Tisné L
Escuela de Matronas, Facultad de Medicina, Universidad de Chile, Santiago.
Rev Med Chil. 1994 Nov;122(11):1318-26.
This is a lecture given by Dr Luis Tisné, Emeritus Professor of the University of Chile, during the commemorative ceremony of the Obstetrics School creation 160th anniversary. The school was founded in 1834 by Dr Lorenzo Sazie, first dean of the Faculty of Medicine. Drs Alcibiades Vicencio and Victor Manuel Gazitúa promoted the development of study programs and the school's university recognition (1896).
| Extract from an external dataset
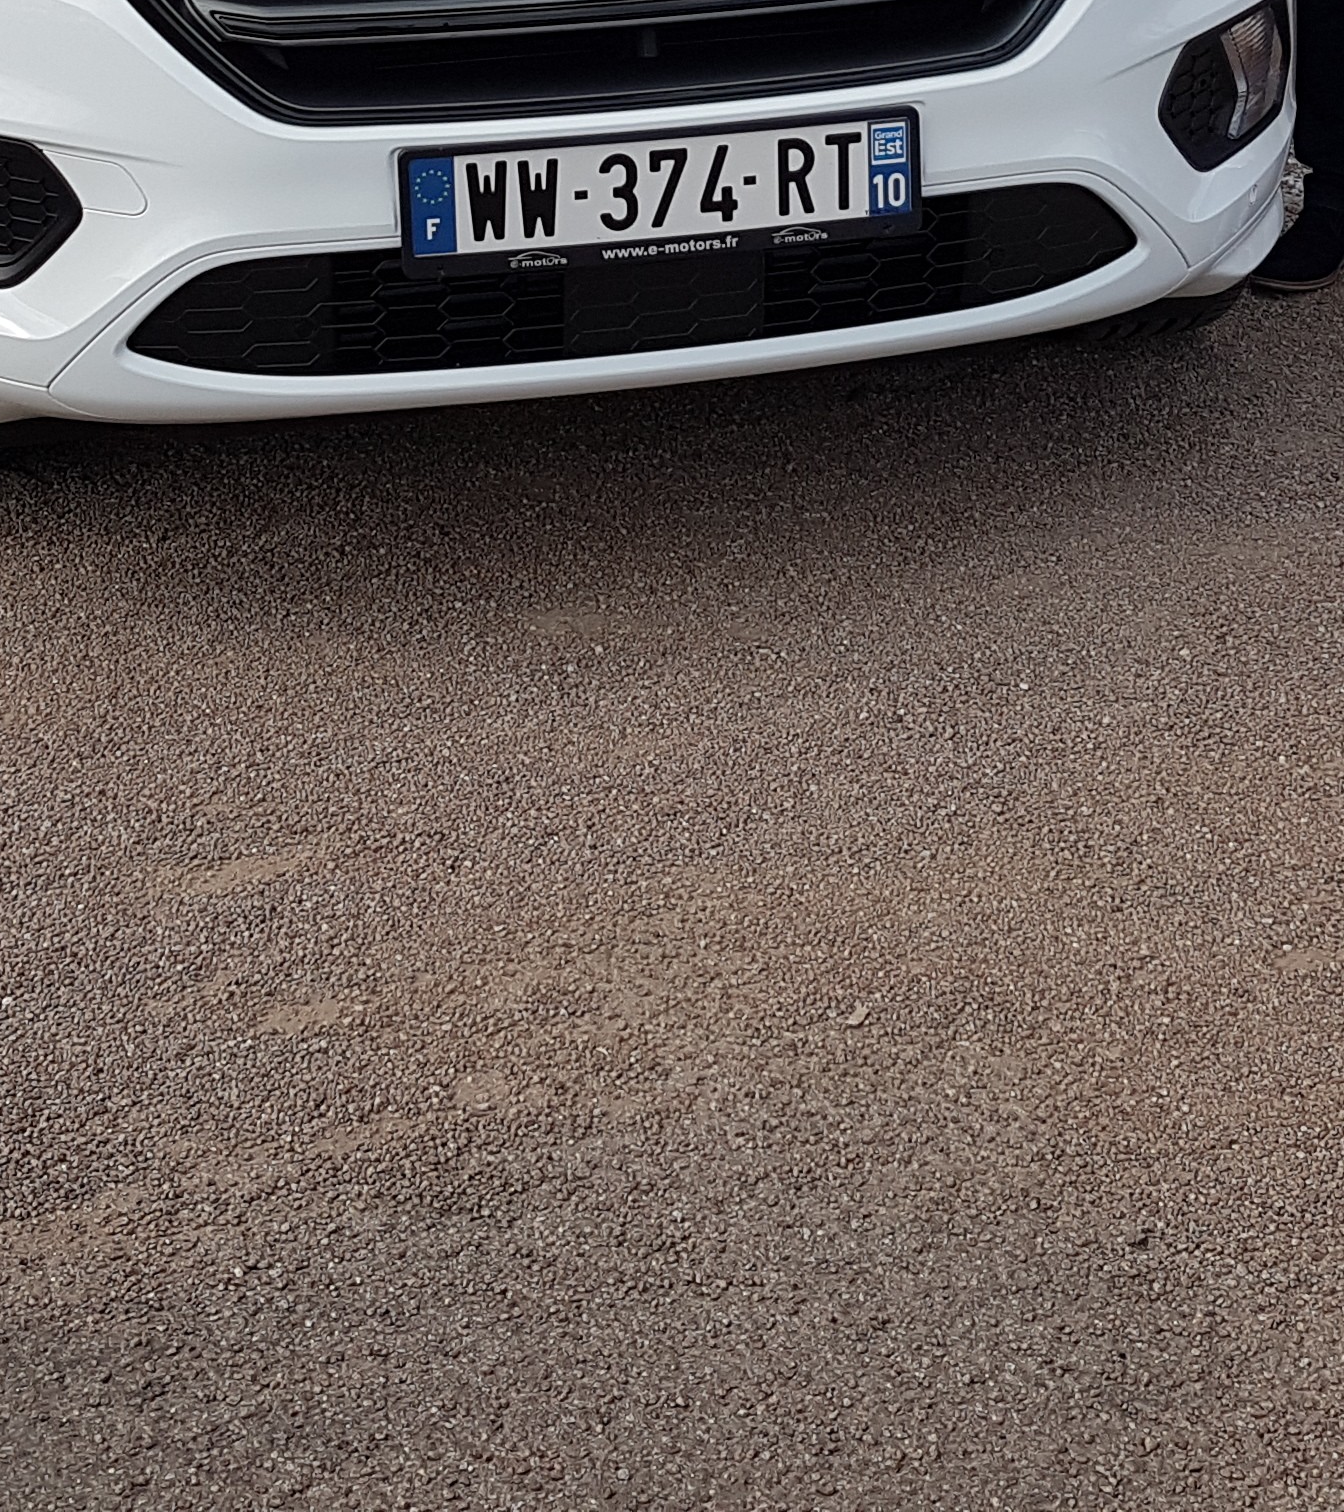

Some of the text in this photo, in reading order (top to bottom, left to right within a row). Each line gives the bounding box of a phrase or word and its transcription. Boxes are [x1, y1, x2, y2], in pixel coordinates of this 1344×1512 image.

Midwives perform 94% of obstetric preventive recognition in Chile (health control of pregnancy and puerperium, family planning and preventive gynecology). Certain designed health plans in Chile such as voluntary control of fecundity, correction of weight alterations in pregnant women, prenatal control, health education and complementary alimentation allowed a reduction of birth rates to 21.6%, infantile mortality to 14.3% and low weight newborns to 5.6% (one of the lowest in the world), to give professional attention to 99% of deliveries and to increase life expectancy at birth to 72 years. In 1965, 306 pregnant women died due to induced abortions, figure that dropped to 28 in 1992. Obstetrical mortality fell to 0.35 per 1.000 alive newborns and induced abortions to 0.13%.